Tuesday, September 16, 2014

Deep Water

Inspirational song: Theme from Flood (They Might Be Giants)

That's right, kids, the theme for today is flood. It just keeps coming up, and I can't fight it anymore.

It has been raining heavily for two days, plus raining a little off and on for a week. If I'm reading the maps right, my neighborhood has received at least five inches of rain in the last 48 hours, maybe more. I know today I was amazed by how long the deluge lasted. Normally the really heavy downpours last only a few minutes, but today, it just kept on going. I stood on the porch and watched it pour over the gutters, soaking those new fascia boards that were such an issue to be installed back in February. My poor dogs were so bored, when I refused to let them go in and out of the back door repeatedly all day, their favorite make-mommy-annoyed game. One of the local tv stations posted area photographs on its website, one featuring a police cruiser flooded up to the top of its wheel wells, reportedly in my neighborhood. I spent a good twenty minutes scouring Google maps to figure out that it was a couple of stoplights away. I never went anywhere today, partly because of the heavy rain, so I didn't have to worry about drowning my little compact car. I've had just enough of a break from the precipitation, through August and September, to be glad for the free water, even if it is a mite too much. Coming in behind it is a cold front, and I welcome that with open arms. Open, bare, overheated arms.

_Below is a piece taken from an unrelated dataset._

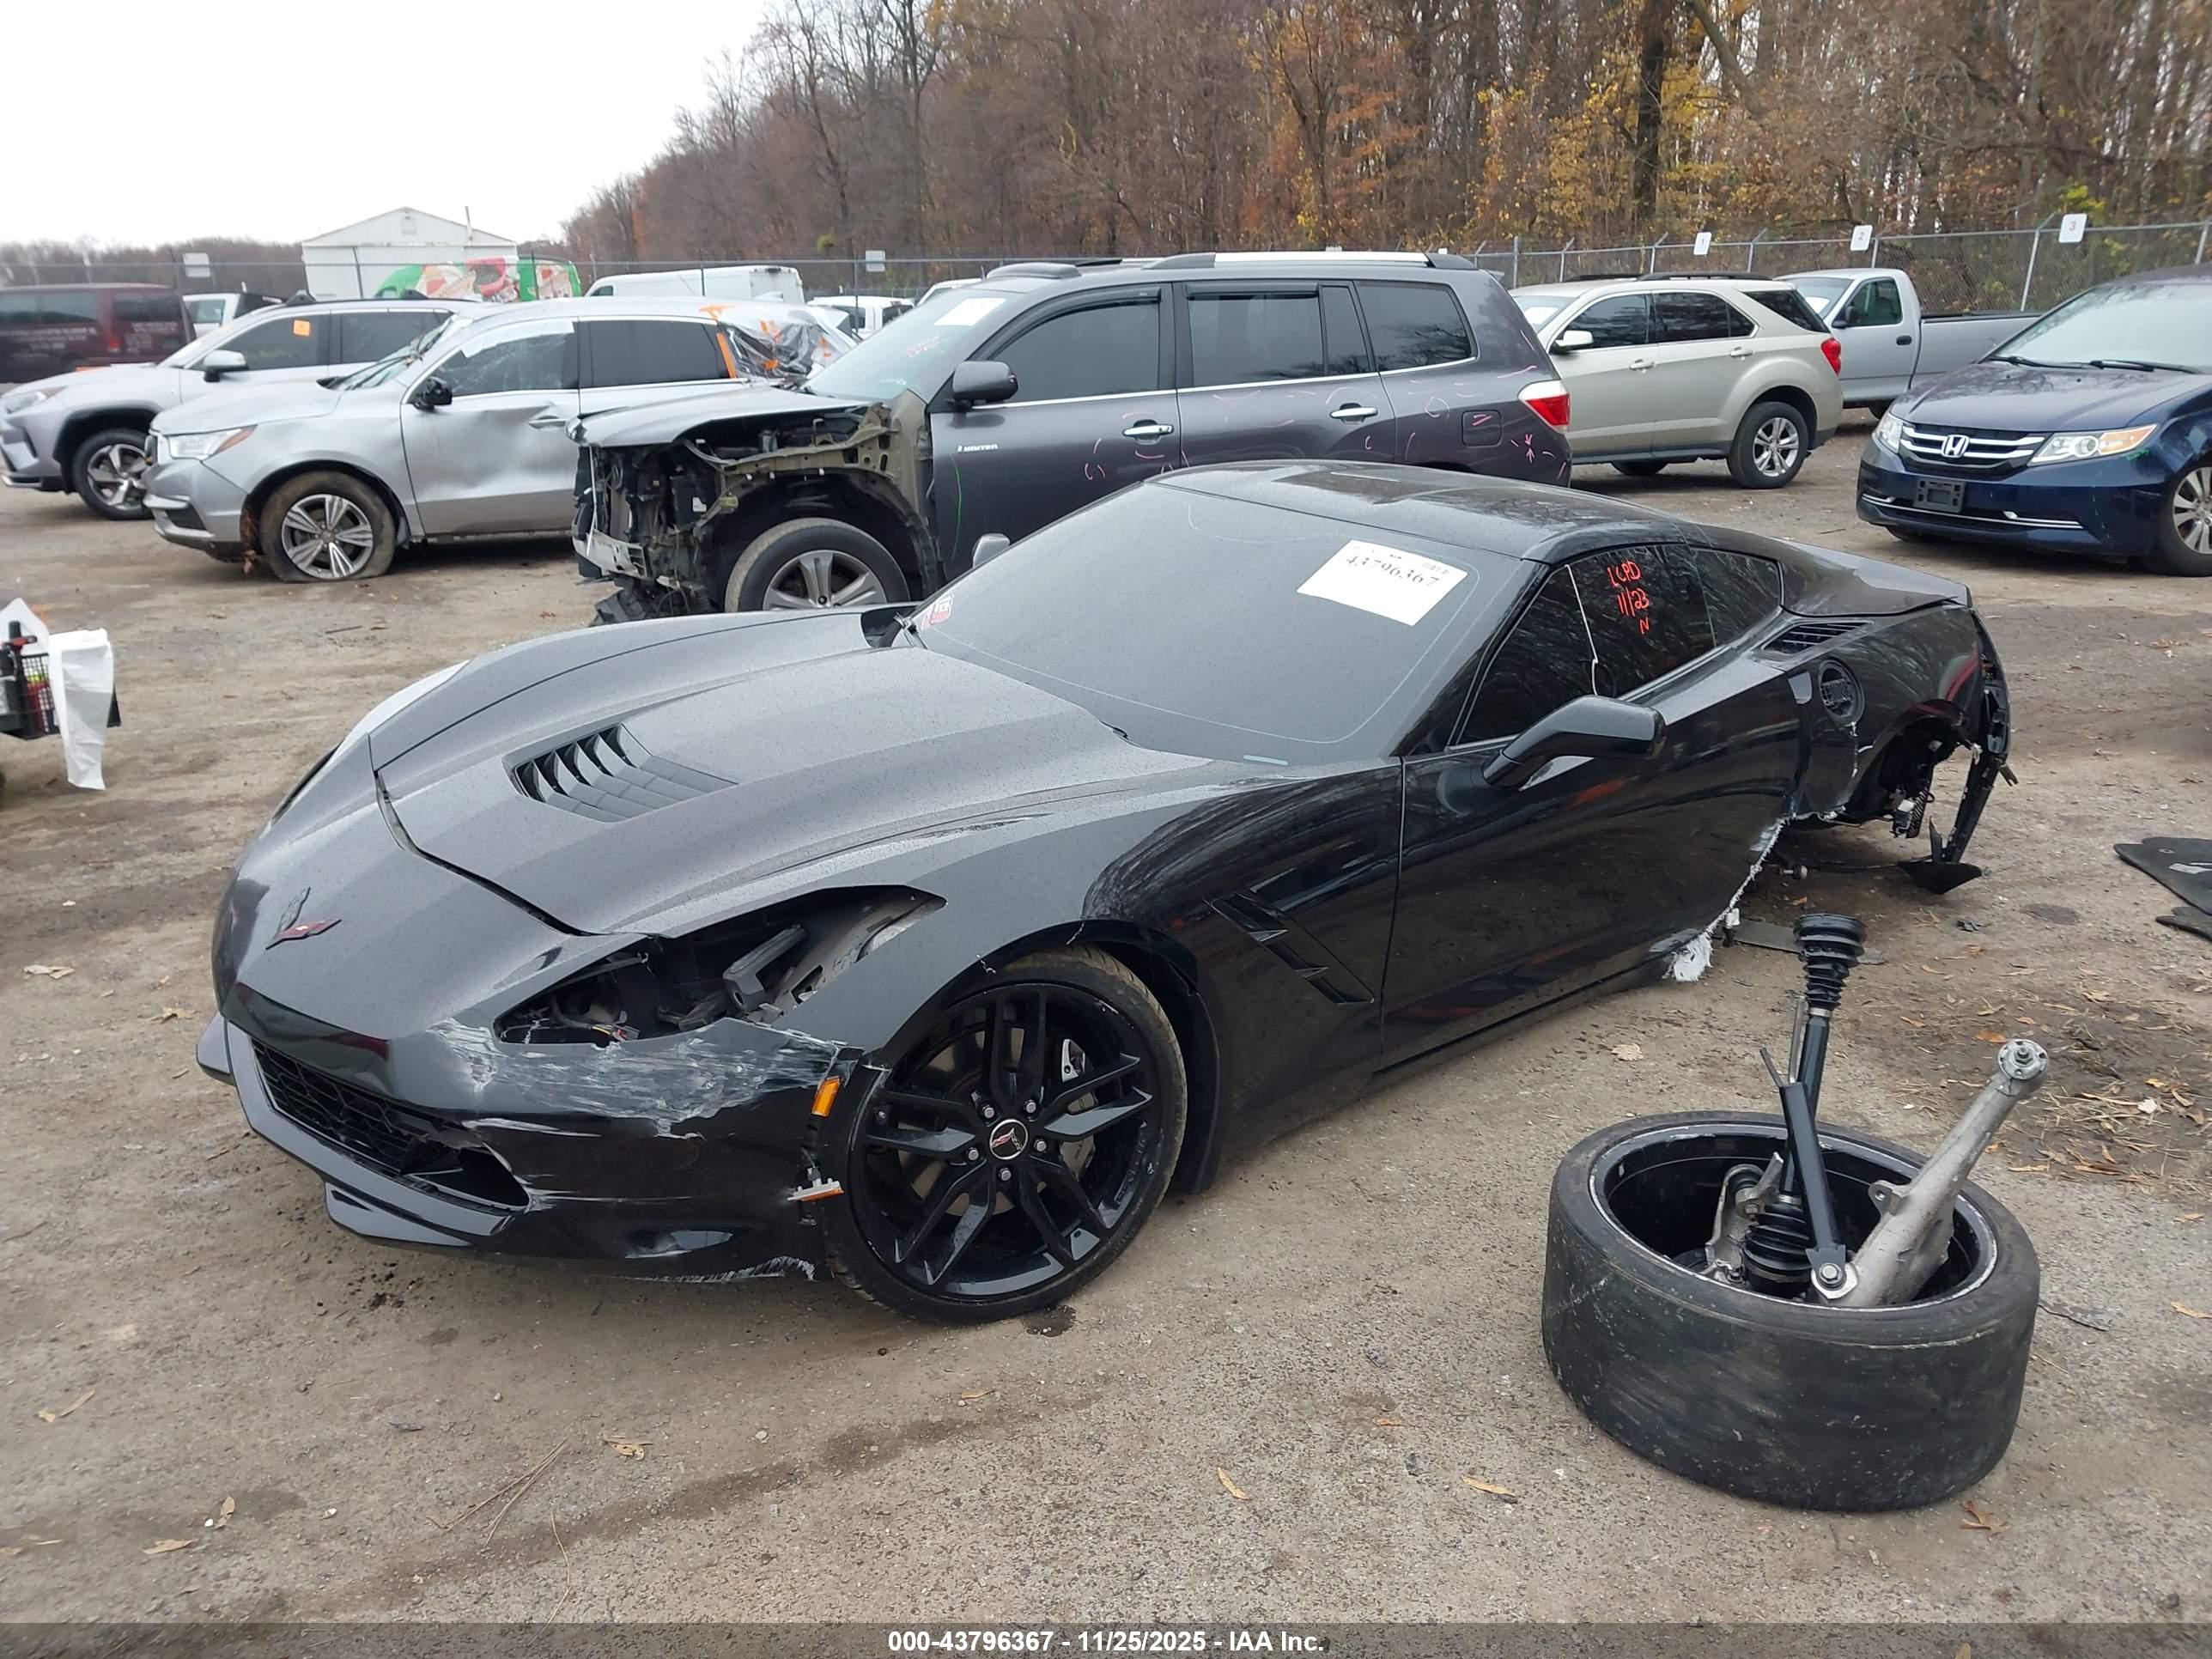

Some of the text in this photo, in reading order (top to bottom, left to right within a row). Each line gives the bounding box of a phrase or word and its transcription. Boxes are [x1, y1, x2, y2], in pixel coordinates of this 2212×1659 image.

This week last year, I was surveying the damage to my condos in Boulder, after the biblical-level floods of last September. A year later, one daughter has given up and moved out forever, and the other is still stuck in her sister's old unit while hers still has no cabinets, appliances, or floors. I've given my cabinet and trim preferences to the company doing the rebuild--the THIRD company--and now I have to send them links to my flooring choices. I have to make my case that an engineered product, a click and lock bamboo, is not actually an upgrade that will cost me money, considering we had travertine marble tiles covering approximately 50% of that condo. It's actually a downgrade, and I'm not going to pay extra for it.

I learned this evening that it is also the fifteenth anniversary of Hurricane Floyd, that struck North Carolina when I lived there, knocking out power throughout large portions of my city, and closing down most of the town, including the library where I worked. My only real memories of Floyd were its gigantic pink Doppler radar signature (thus, "Pink Floyd" to me), and seeing my librarian boss show up at work three days after the hurricane hit, wearing a t-shirt and shorts, not having had access to a shower or refrigerated food in all that time. She came in to work to clean up, and I realized how lucky I was that my home was not as affected as hers.

Not all my floods were literal today. It was the metaphorical one that hurt me most of all. I am running out of room on the chip in my phone that stores all my photos, and I went through deleting the old ones I've already transferred to the computer. I assume there is a way to delete them in groups, but I can't seem to find it, so I was going through one by one, judging what I'm ready to cease carrying at all times (even though I rarely look through the old pictures). There were over 3,400 pictures on the chip, and I managed to delete fewer than 400 of them in an evening. I knew it would be hard, when I hit the pictures from March and April, when I was letting the entire Pride outside to play in the Park, but it still took my breath away, how much it hurt to see the pictures of Cricket and Torden. It was like a cannonball to the chest, and it kept hitting me over and over, the flood of emotions when I saw them, looking old but still healthy in appearance. That wound is still too fresh, and every time I am reminded of what happened, it's like ripping off a giant scab. I have cried more tears than raindrops fell today, and there is just no end to it. I'm still drowning and I don't know how to save myself from it.